Patience and kindness

Brenda Cannon HenleyBy Brenda Cannon Henley
A few days ago I read a delightful little book written by Henry Drummond recommended to me by a dear friend. The Greatest Thing in the World is what Professor Drummond decided love is. His research, soul-searching, and knowledge led him to write this profound little book on 1 Corinthians 13. He concluded that love is indeed “the supreme thing,” or “summum bonum.” Man and woman searches for love in its various forms and often portions of it, but not the total package that Drummond writes about in his book.

He concluded after years of faithful study that the spectrum of love has nine ingredients or parts based on the verses in our chapter. We would do well to study these verses, meditate on them daily, and attempt to put each one into practice in our lives. Mother Teresa once said that the world is dying for lack of love. The longer I live, the more I realize that everyone deep down in their inner being wants to love and be loved in an honest relationship. Let’s think on these components.

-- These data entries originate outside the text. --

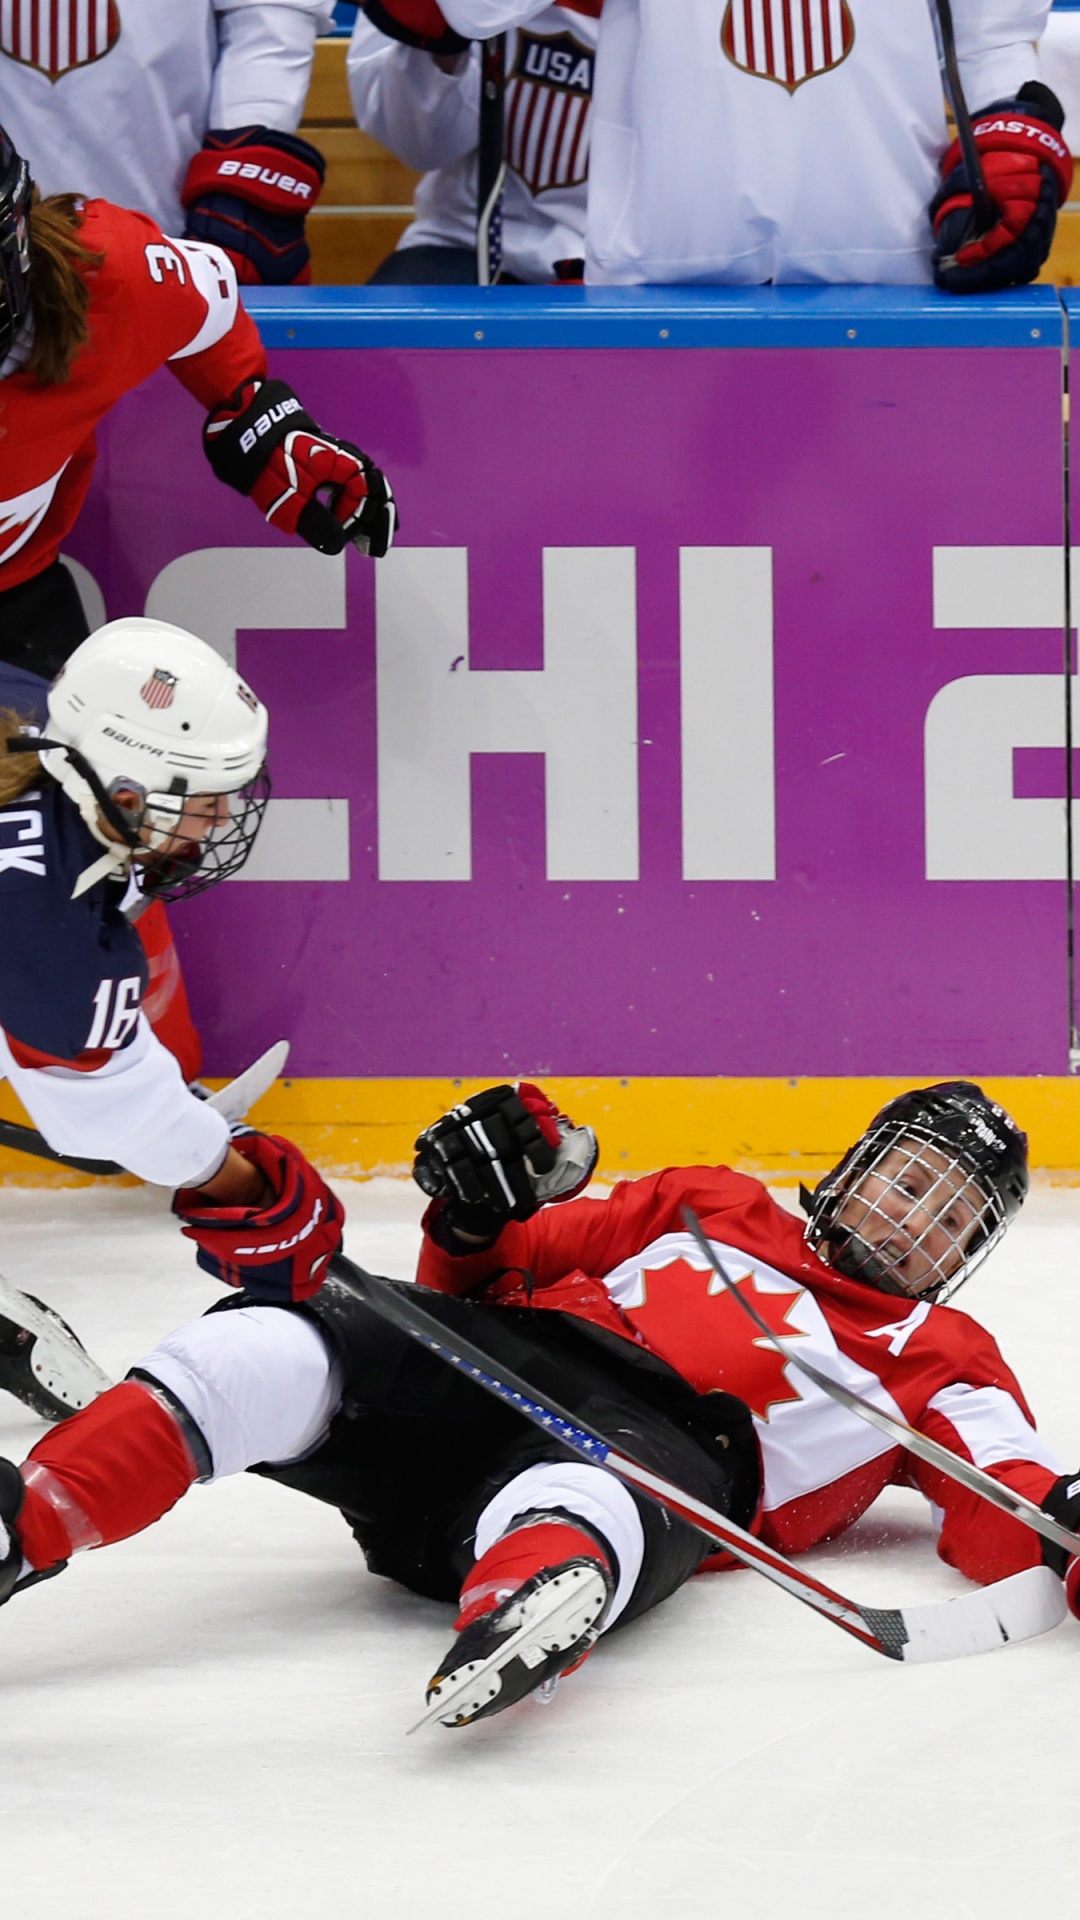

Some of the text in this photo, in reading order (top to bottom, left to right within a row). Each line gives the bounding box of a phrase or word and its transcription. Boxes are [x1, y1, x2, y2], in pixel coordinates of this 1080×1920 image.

[525, 44, 590, 89] USA
[973, 120, 1066, 157] EASTON
[217, 160, 312, 199] BAUER
[144, 243, 186, 286] 3
[239, 397, 304, 454] BAUER
[60, 546, 775, 881] CHI
[0, 791, 46, 876] CK
[84, 976, 142, 1050] 16
[863, 1300, 933, 1357] A

Patience – “Love suffers long.”
Kindness – “And is kind.”
Generosity – “Love envies not.”
Humility – “Love vaunts not itself, is not puffed up or proud.”
Courtesy – “Does not behave itself unseemly.”
Unselfishness – “Seeks not her own.”
Good temper – “Is not easily provoked.”
Guilelessness – “Thinks no evil.”
Sincerity – “Rejoices not in iniquity, but rejoices in truth.”

Any one of these nine traits would be helpful in life, but imagine loving and being loved by people that strive to incorporate all of them into their everyday lives. How very quick we are to run out of patience with others. If something doesn’t go our way, benefit us in some direct manner, help us in our journey, we lose patience, and lash out at the supposed offender.

Drummond contends that patience is love in the passive. Love that is waiting to begin, not in a hurry, calm, ready to do its work when the summons comes, but meantime, remaining meek and quiet. Love suffers long, bears all things, believes all things, hopes all things, and love understands, and therefore waits. How many things do we give up simply because we are not patient? We are not willing to wait on God’s timing. We tend to live in a “now” world. We want immediate satisfaction. We want immediate pay or blessing. We want to get on with it, and often, we miss some of God’s best blessings because of our own impatience.

I admit I am a “get it done” kind of person. I usually have at least one to do list and work on it daily until I get things accomplished. I have to remind myself almost daily to work on developing patience. I don’t like lazy, and I often confuse a lack of work ethic with impatience. My bad.

Drummond believed that kindness is love active. He asks us to consider how much of Christ’s life on earth was spent in simply doing kind things for others. He spent a great deal of his time in simply making people happy. “The greatest thing a man can do for his Heavenly Father is to be kind to some of his other children,” wrote Drummond. The world needs kindness now more than ever in my lifetime. Kindness brings instant results in many cases. It is remembered with great glee and often begats other acts of kindness. Kindness pays itself back in so many ways.

I have heard kindness described as a rippling in a calm lake ever spreading until it reaches shore. One act of kindness done with pure motives seems to set off this rippling effect and we seldom know where it will end and just how many folks it will help. It costs so little to be kind.

We’ll look at some of the other attributes in 1 Corinthians in future columns. One word here about a decision in the literary world. It has become the common and accepted practice to no longer capitalize the pronouns associated with deity for clarity’s sake.